Thank you for this suggestion- we have added this information and renamed the column “Disease and Model Details”.

 

 

 Page20, line 6: “Given that SUR1-TRPM4 is upregulated after CNS injury, mechanistically it should be less likely that pre-treatment with glibenclamide would confer significant benefit.” Critical observation. Was any study done on the bioavailability of the glibenclamide to estimate the potential for such pre-treatment success?

 

Interesting point- unfortunately the studies did not look at the bioavailability of glibenclamide to estimate potential for pretreatment success, and we have added this limitation to the text.

Reviewer 2 Report

This is an exciting review of the role of SUR1-TTRPM4 as a mediator in CNS injury. After a careful search, I can confirm, since 2012, there has not even published an in-depth study on this adenosine triphosphate' function. Therefore, this review offers essential updates. The authors have drawn up the review very well; even though it is made up of 62 pages, it is not vague and long-winded (as expected frankly) with many cross-appropriate and recent references making it not difficult to understand. Figures 1 and 3 support a lot the review's understanding. After a careful reading, I did not find any particular drawbacks or shortcomings that required majors revisions.

In conclusion, this review is ready for the publication.

Author Response

Comments to the Author

 

This is an exciting review of the role of SUR1-TTRPM4 as a mediator in CNS injury.

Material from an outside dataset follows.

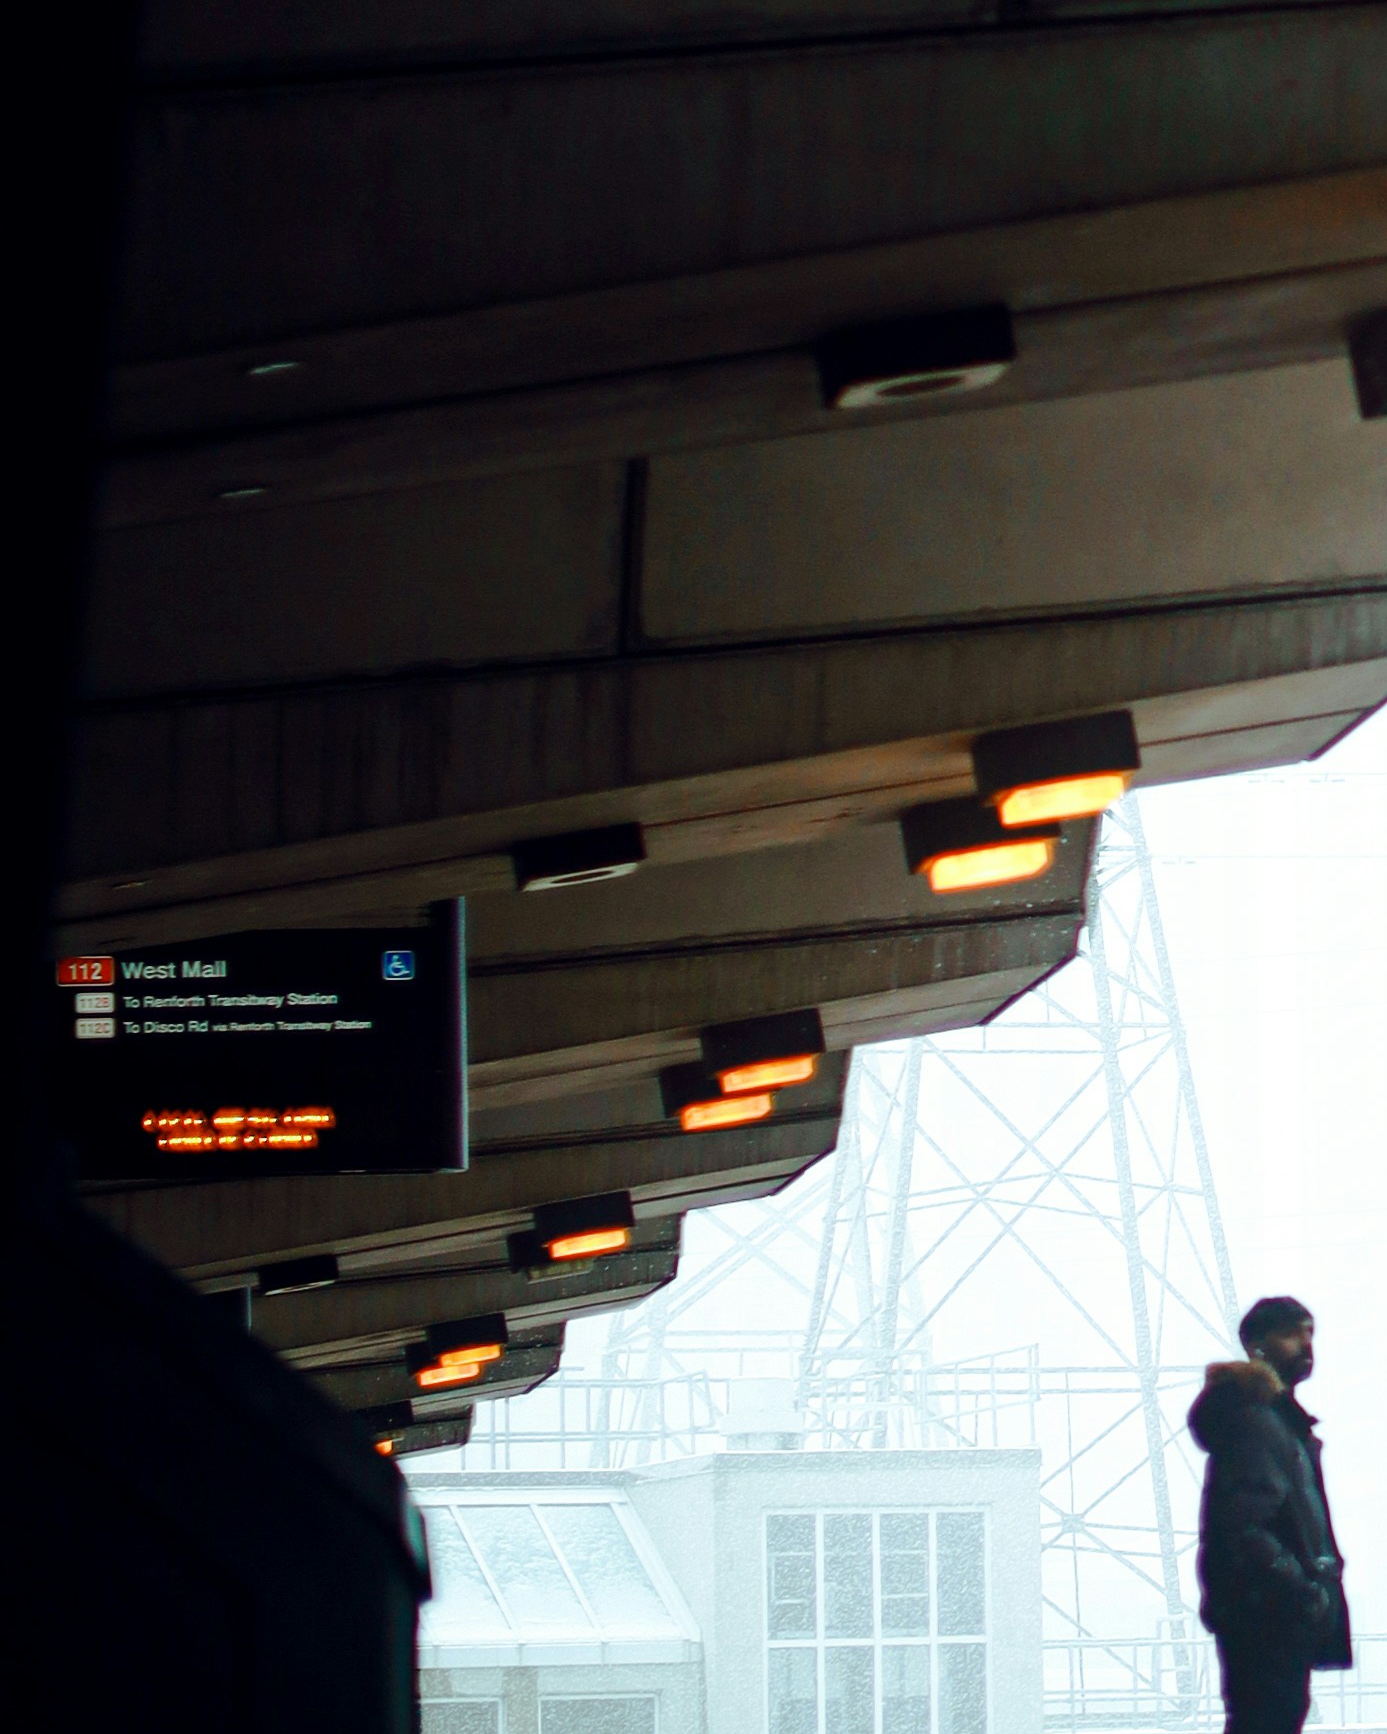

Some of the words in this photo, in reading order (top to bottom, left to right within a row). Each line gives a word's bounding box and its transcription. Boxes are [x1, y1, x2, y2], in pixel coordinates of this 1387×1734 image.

After a careful search, I can confirm, since 2012, there has not even published an in-depth study on this adenosine triphosphate' function. Therefore, this review offers essential updates. The authors have drawn up the review very well; even though it is made up of 62 pages, it is not vague and long-winded (as expected frankly) with many cross-appropriate and recent references making it not difficult to understand. Figures 1 and 3 support a lot the review's understanding. After a careful reading, I did not find any particular drawbacks or shortcomings that required majors revisions.

In conclusion, this review is ready for the publication.

 

We are very grateful to the reviewer for this kind appraisal.